Mayo want win to avoid further alarm bells
After another week where Mayo GAA found themselves back in the headlines for all the wrong reasons, Saturday evening’s visit of Kerry to Castlebar in the Allianz League presents the Mayo football family with a chance to talk about something else.
Their large, loyal, and long-suffering band of supporters will be hoping that the end of the long-running saga between the Mayo County Board and benefactor Tim O’Leary coincides with the start of a good run of form and results for the Mayo seniors.
James Horan admitted earlier this week, "we’re not playing as well as we’d like to be" and the alarm bells will certainly be ringing if Mayo crash to a third defeat in five matches. There's no doubt that Horan and his players could have done without the furore around O’Leary’s tweets and the subsequent fall-out, but at the same time, it won’t have featured on the agenda at Tuesday night’s team meeting at MacHale Park.
Instead, issues like Mayo’s poor defending for Monaghan’s first goal from Conor McCarthy last Sunday, the team’s need to control their discipline in the wake of the dismissals of Jordan Flynn and Padraig O’Hora, and the lack of a cohesive and efficient attacking strategy in Clones would have been among the key talking points.
Mayo GAA parted company with a wealthy benefactor this week but their main priority now is holding on to their top-flight status.
What happens if coronavirus cuts the League short?
I don’t want to be an... alarmist, but what happens if the League is cut short by the coronavirus?
Earlier this week, we had a kerfuffle when Ireland-Italy in the 6 Nations was postponed because of the outbreak in Italy, while there’s some good-natured ribbing of Liverpool fans about the chances of the Premier League being curtailed for the same reasons, and whether their side will technically be denied the title.
At the time of writing, there’s just one confirmed case on this island - in Belfast - but it’s a reasonable expectation that there will be more cases. When there are, will sports events have to be cancelled? What happens here if the National Leagues aren’t completed?
In Gaelic football, in particular, League performance has an impact on rankings for Championship - what is the contingency plan there?
Have a think about that while you’re trying to find more hand sanitiser.
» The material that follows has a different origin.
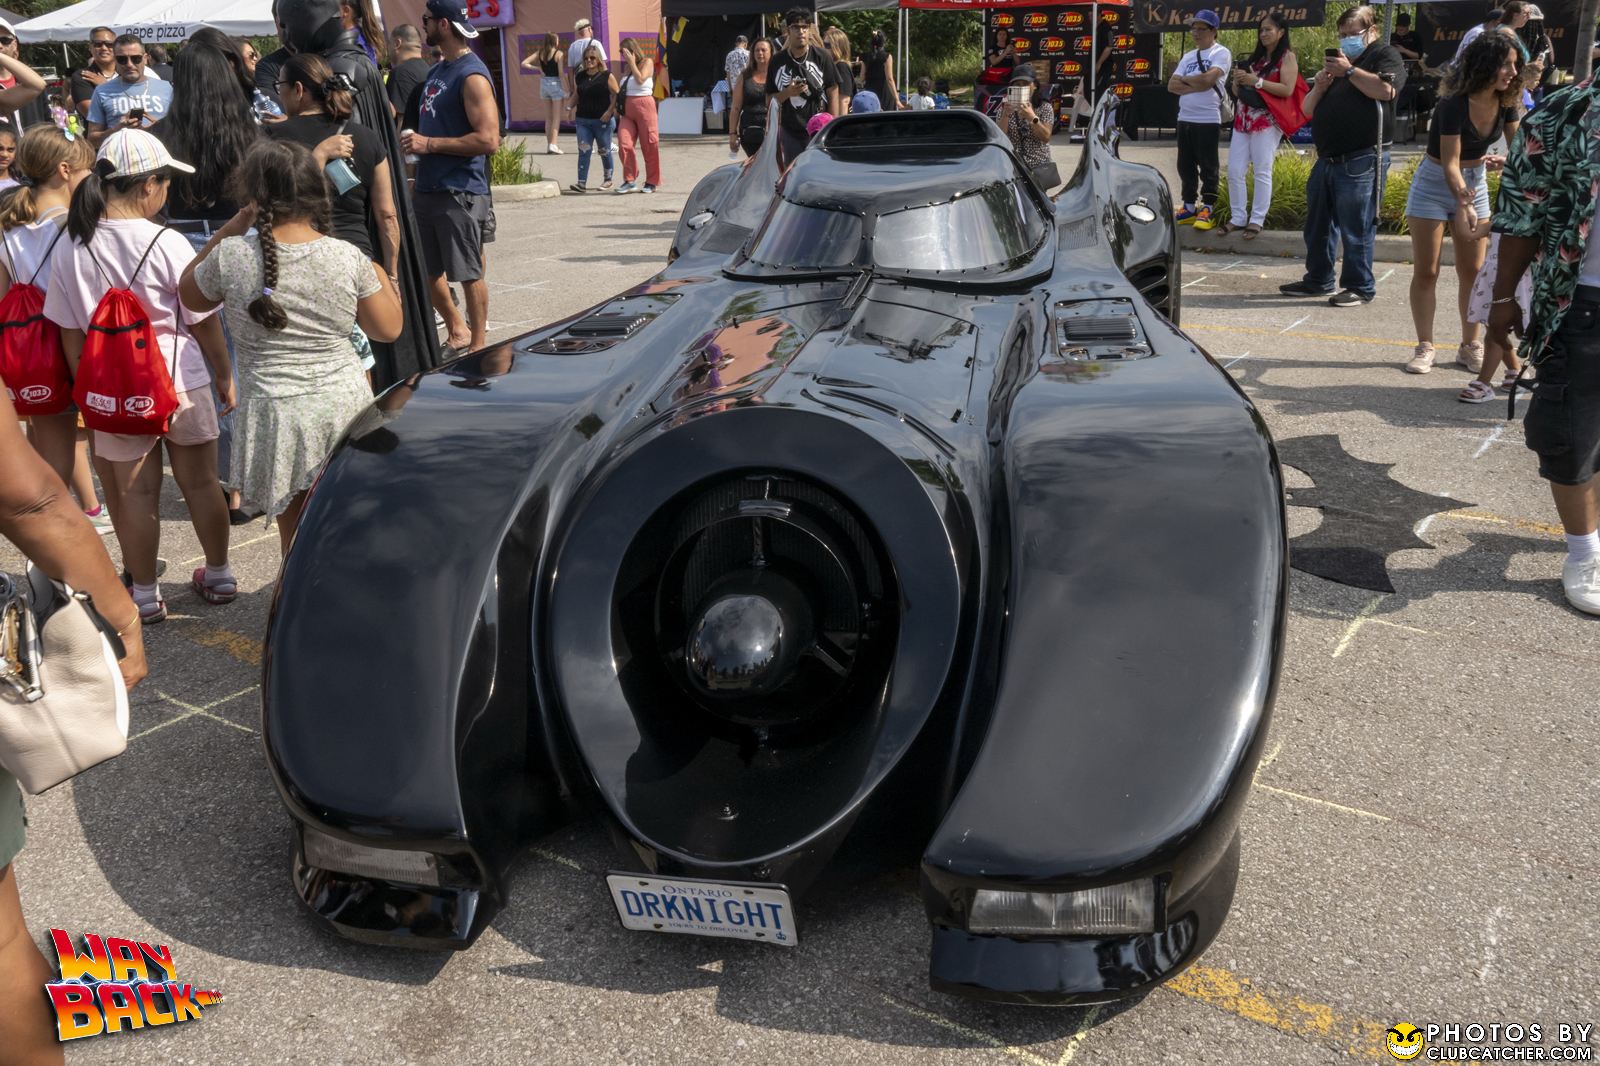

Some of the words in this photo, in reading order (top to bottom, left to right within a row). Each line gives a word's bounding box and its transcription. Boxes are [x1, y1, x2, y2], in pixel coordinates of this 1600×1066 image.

Meath must dwell on positives ahead of near-certain relegation
These are tough times for Meath football. Just eight minutes into last weekend's Leinster U20 semi-final defeat to Dublin, Meath trailed 1-4 to 0-0.
The following afternoon, after 16 minutes against Kerry in the Allianz League, the Meath seniors trailed by 1-5 to 0-0. That game looked over too, though Andy McEntee's men did at least fight back to lose by just three points.
Whatever hope Meath had of avoiding relegation probably evaporated with that defeat, their fourth on the spin. Kerry lost their first four games in 2013 and still stayed up by winning the last three but beating Galway tomorrow, then Dublin away, and Monaghan away is a huge ask for Meath who are 1/500 to be relegated.
Donegal are second-favourites for the drop and if both teams do go down, it'll be the second season running that both promoted teams have been immediately relegated.
McEntee has already stated that Meath's year won't be defined by whether they stay up or not. It's important he drives that message home now and points to the positives, like the fact they should have beaten Mayo and that they outscored Kerry 2-13 to 0-14 after that slow start.
They'll also be strengthened for the Championship by the return of leading forward Mickey Newman, Shane McEntee, Seamus Lavin, and goalkeeper Andy Colgan, who are all injured.